Her smile was thin and pale. She turned back to the sea, watching the sunslight glint and catch upon the gnashing waves. Dragging deep on her smoke and exhaling plumes of grey.

‘… mia …?’

‘Yes?’

‘… there is no need to be afraid …’

‘I’m not.’

A pause, filled with whispering wind.

‘… no need to lie, either …’

Mia ended up stealing most of her supplies.

Waterskins, rations, and a tent from Last Hope General Supplies and Fine Undertakers. Blankets, whisky, and candles from the Old Imperial. She’d already marked the finest stallion in the garrison stable for stealing, despite being as much at home in the saddle as a nun in a brothel.

She told herself the thievery would keep her sharp, and sneaking back into the robbed stores to deposit compensation on the countertops afterwards struck her as good sport.

Seated at the Imperial’s hearth, she enjoyed a final bowl of widowmaker chilli and waited for the nevernight winds to begin, bringing blessed cool after a turn of red heat.

Mia glanced up as the front door creaked open, admitting curling fingers of dust.

The boy who entered looked Dweymeri – leviathan ink facial tattoos (of terrible quality), salt-kissed locks bound in matted knots. But his skin was olive rather than brown, and he was too short to be an islander; barely a head taller than Mia, truth told. Dressed in dark leathers, carrying a scimitar in a battered scabbard, smelling of horse and a long road. When he prowled into the room, he checked every corner with hazel eyes. As his stare roamed the alcoves, Mia pulled the shadows about herself, and faded like a watermark into the gloom.

The boy turned to Fat Daniio, polishing that same grubby cup with the same grubby cloth. Eyeing the man over, the boy spoke with a voice soft as velvet.

‘Blessings to you, sir.’

‘A’right,’ Fat Daniio replied. ‘What’ll you ’ave?’

‘I have this.’

The boy placed a small wooden box upon the counter. Mia’s eyes narrowed as it rattled. The boy looked around the room again, then spoke in a tight whisper.

‘My tithe. For the Maw.’

CHAPTER 4 (#ulink_a3c2620c-8ba1-5e97-82a6-2222889bc567)

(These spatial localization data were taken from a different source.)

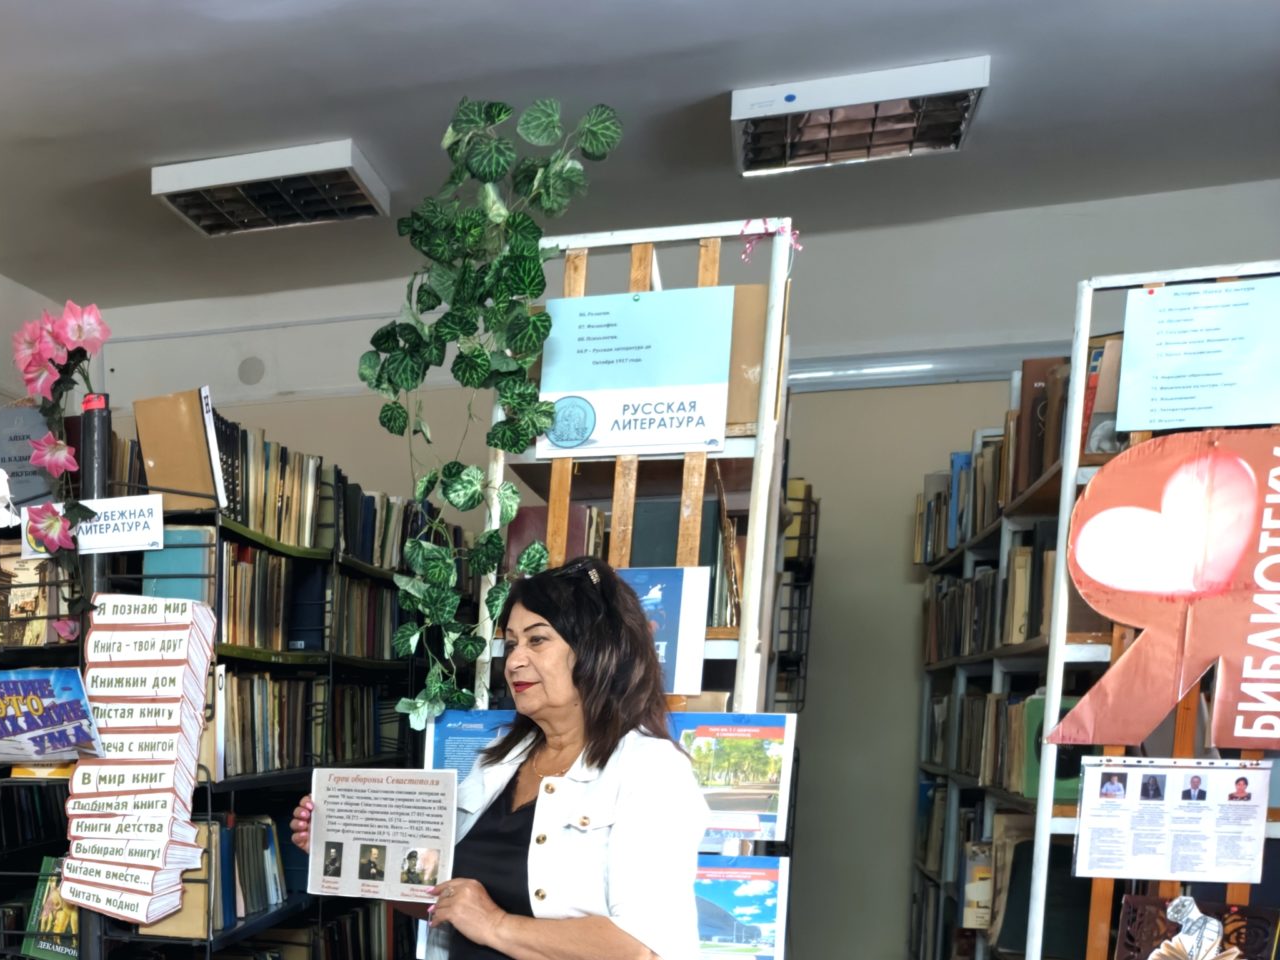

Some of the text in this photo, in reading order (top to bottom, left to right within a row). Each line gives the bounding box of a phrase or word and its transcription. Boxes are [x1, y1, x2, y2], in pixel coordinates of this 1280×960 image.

[622, 401, 696, 415] РУССКАЯ
[611, 415, 705, 431] ЛИТЕРАТУРА
[92, 508, 154, 522] УБЕЖНАЯ
[76, 521, 151, 536] ЛИТЕРАТУРА
[97, 602, 187, 616] Я познаю мир
[93, 640, 122, 653] Книга
[133, 638, 156, 652] твой
[159, 639, 183, 653] друг
[91, 675, 176, 689] Книжкин дом
[139, 708, 174, 720] книгу
[28, 726, 94, 755] УМА
[138, 739, 174, 752] книгой
[81, 772, 166, 786] В мир книг
[72, 800, 167, 811] Любимая книга
[76, 821, 163, 834] Книги детства
[75, 843, 161, 860] Выбираю книгу!
[66, 863, 101, 877] Читаем
[69, 887, 139, 912] Читать модно!
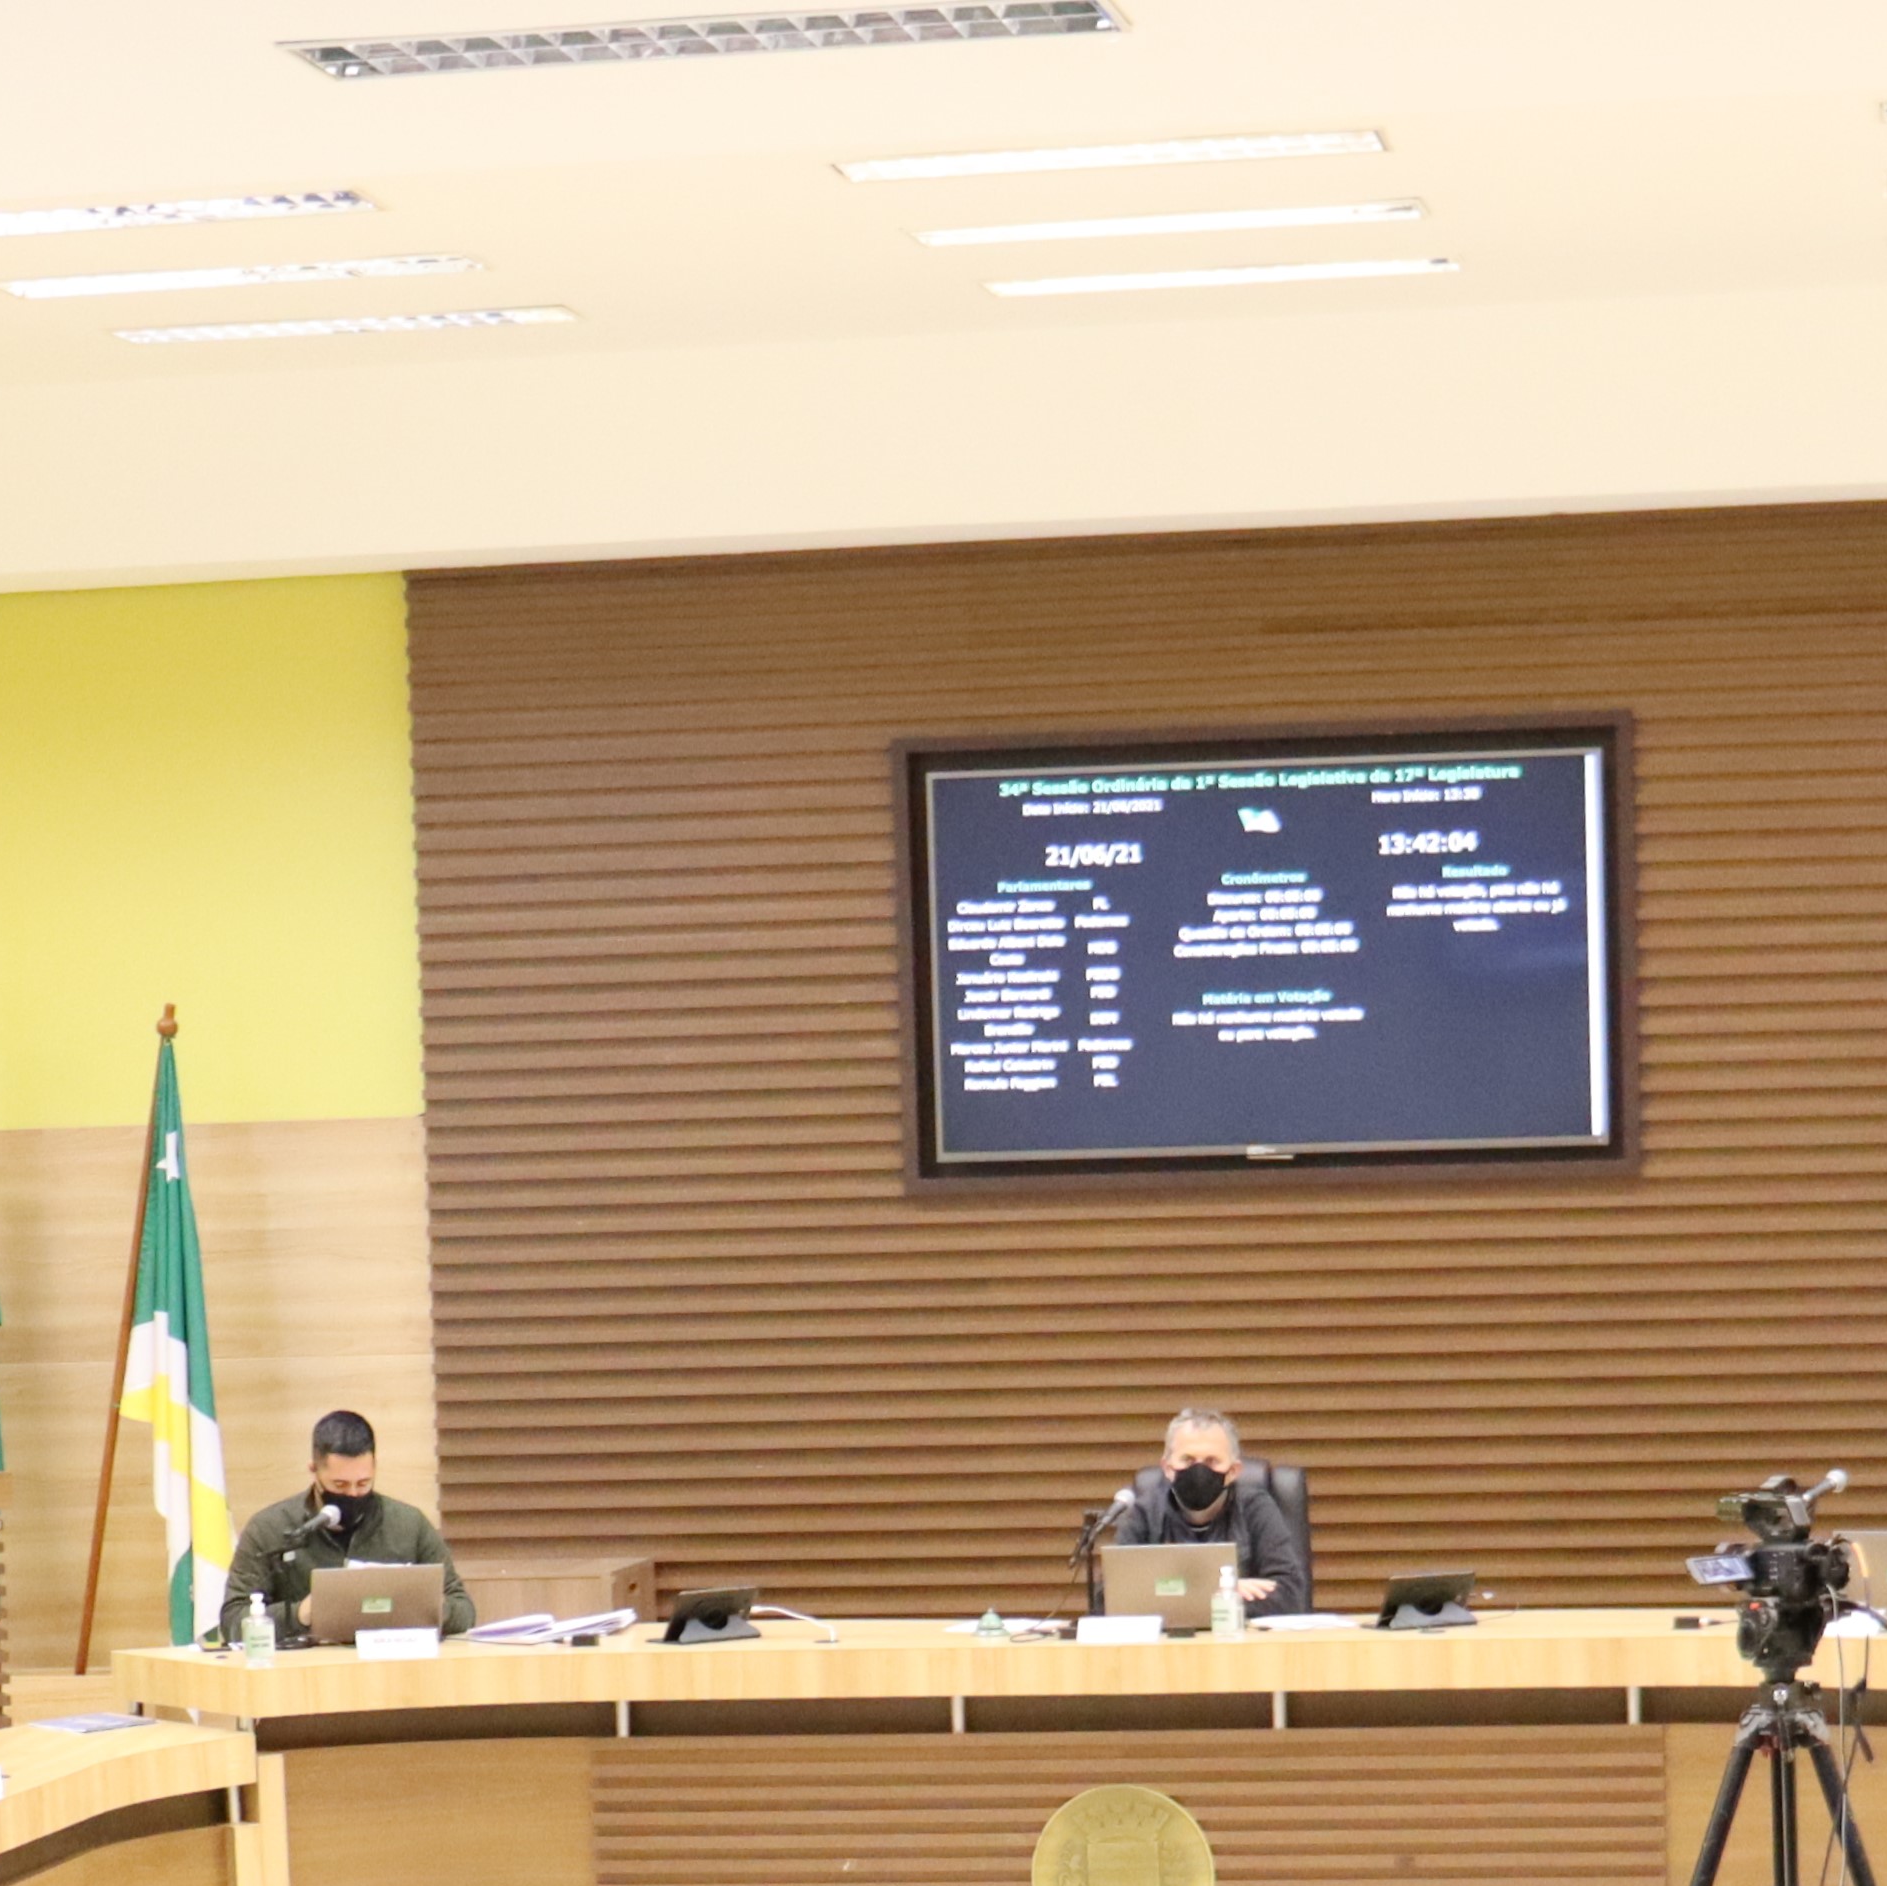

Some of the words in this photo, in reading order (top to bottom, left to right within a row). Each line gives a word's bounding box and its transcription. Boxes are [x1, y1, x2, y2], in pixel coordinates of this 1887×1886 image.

[1379, 831, 1479, 855] 13:42:04
[1045, 843, 1143, 868] 21/06/21
[1442, 865, 1507, 877] Resultado
[1222, 873, 1305, 885] Cronômetros
[998, 881, 1090, 892] Parlamentares
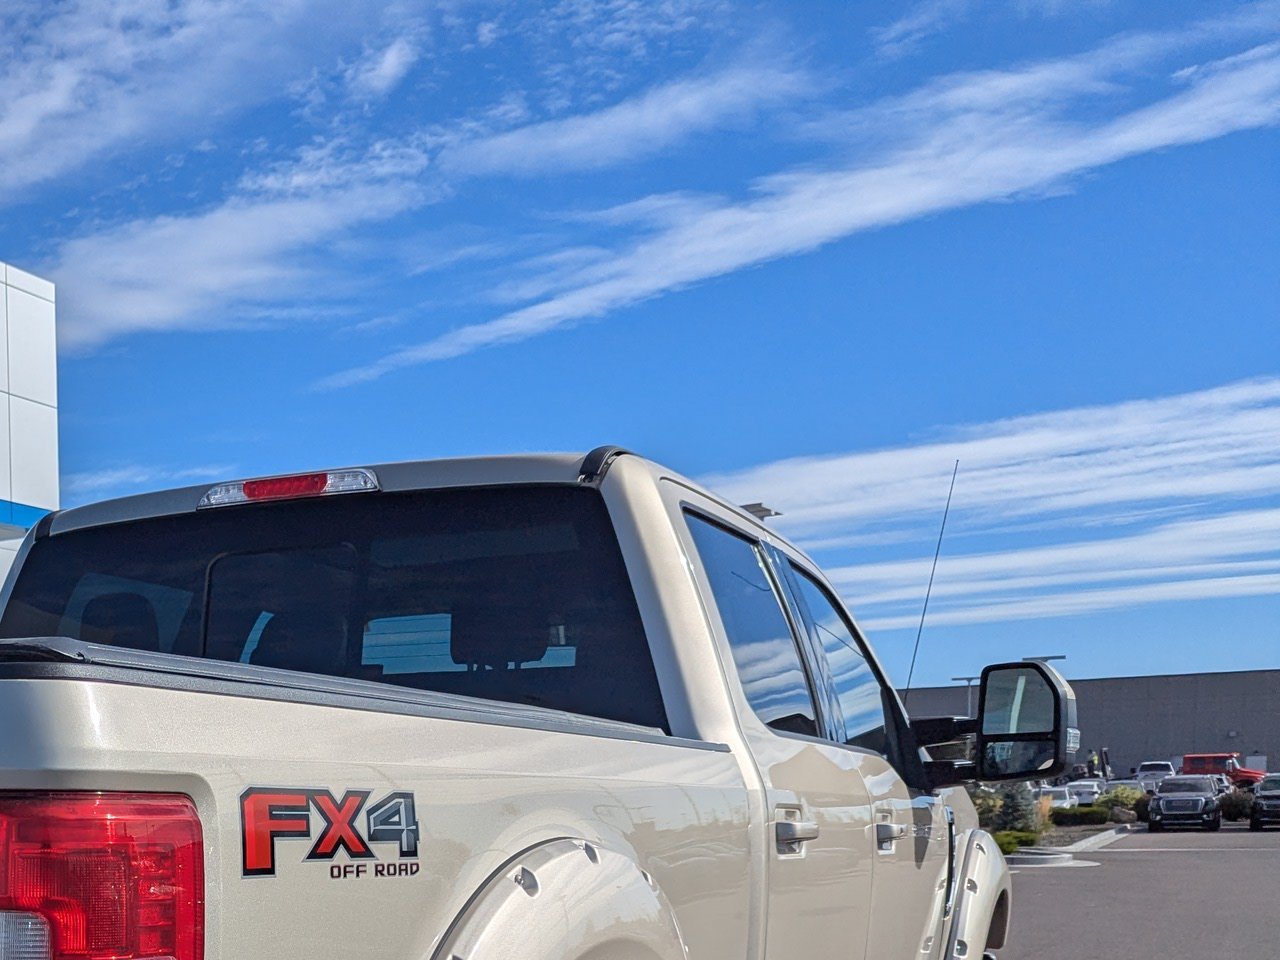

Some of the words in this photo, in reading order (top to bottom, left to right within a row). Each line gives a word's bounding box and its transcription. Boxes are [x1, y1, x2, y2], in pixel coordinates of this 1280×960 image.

KINDNESS (#ulink_a3c2620c-8ba1-5e97-82a6-2222889bc567)

Captain Puddles had loved his Mia.

He’d known her since he was a kitten, after all. Before he’d forgotten the warm press of his siblings around him, she’d cradled him in her arms and kissed him on his little pink nose and he’d known she’d always be the centre of his world.

And so when Justicus Remus had stooped to seize the girl’s wrist at his consul’s command, Captain Puddles spat a yellow-tooth hiss, reached out with a paw full of claws, and tore the justicus’s face from eyehole to lip. Roaring, the big man seized the brave captain’s head with one hand, his shoulders with the other, and with an almost practised ease, he twisted.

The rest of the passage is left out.